Problem statement -> Every record below is to be retyped exactly, with any pictures left out.

----

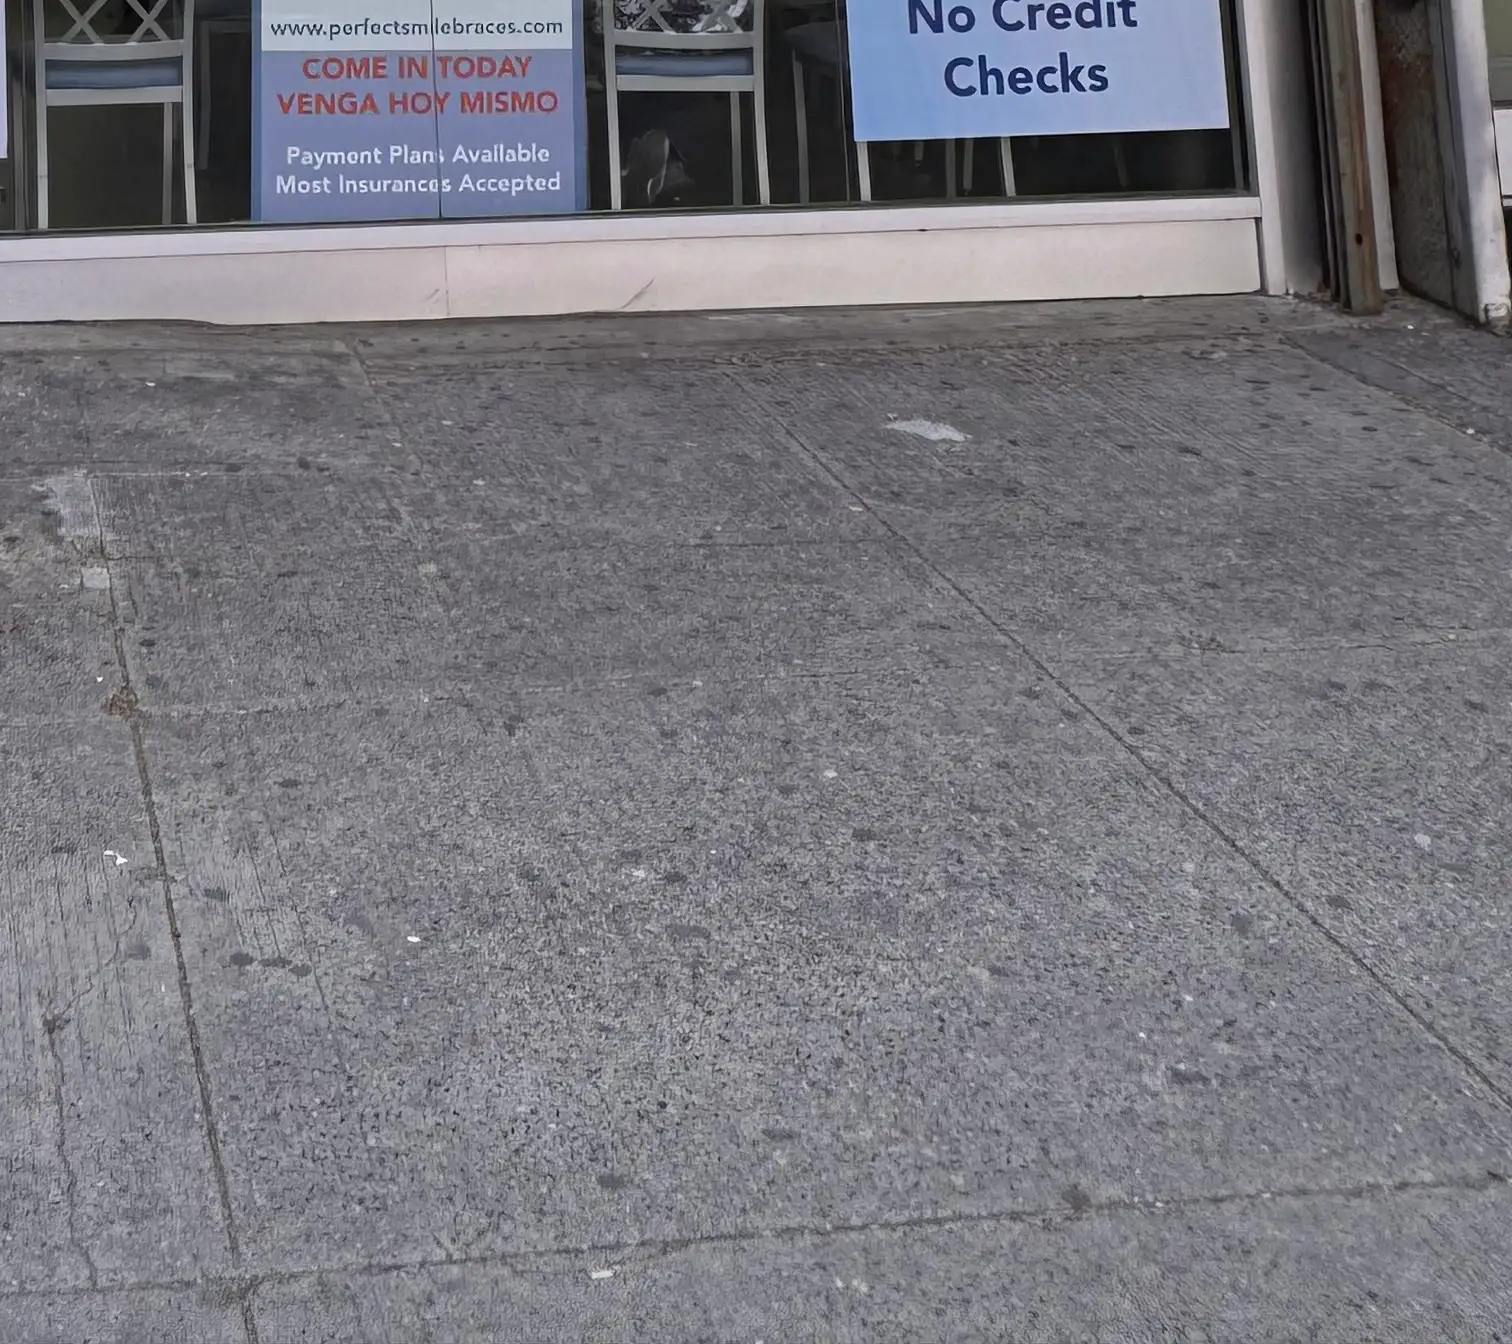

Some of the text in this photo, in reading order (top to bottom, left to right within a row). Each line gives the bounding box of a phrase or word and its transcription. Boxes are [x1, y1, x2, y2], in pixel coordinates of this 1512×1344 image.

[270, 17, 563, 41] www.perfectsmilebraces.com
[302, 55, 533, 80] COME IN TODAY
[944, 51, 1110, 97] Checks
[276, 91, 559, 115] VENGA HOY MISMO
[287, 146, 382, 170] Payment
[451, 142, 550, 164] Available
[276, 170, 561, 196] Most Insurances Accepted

----

Answer to the problem ->
Some of the text in this photo, in reading order (top to bottom, left to right within a row). Each line gives the bounding box of a phrase or word and its transcription. Boxes are [x1, y1, x2, y2], in pixel coordinates of this 1512×1344 image.

[270, 17, 563, 41] www.perfectsmilebraces.com
[302, 55, 533, 80] COME IN TODAY
[944, 51, 1110, 97] Checks
[276, 91, 559, 115] VENGA HOY MISMO
[287, 146, 382, 170] Payment
[451, 142, 550, 164] Available
[276, 170, 561, 196] Most Insurances Accepted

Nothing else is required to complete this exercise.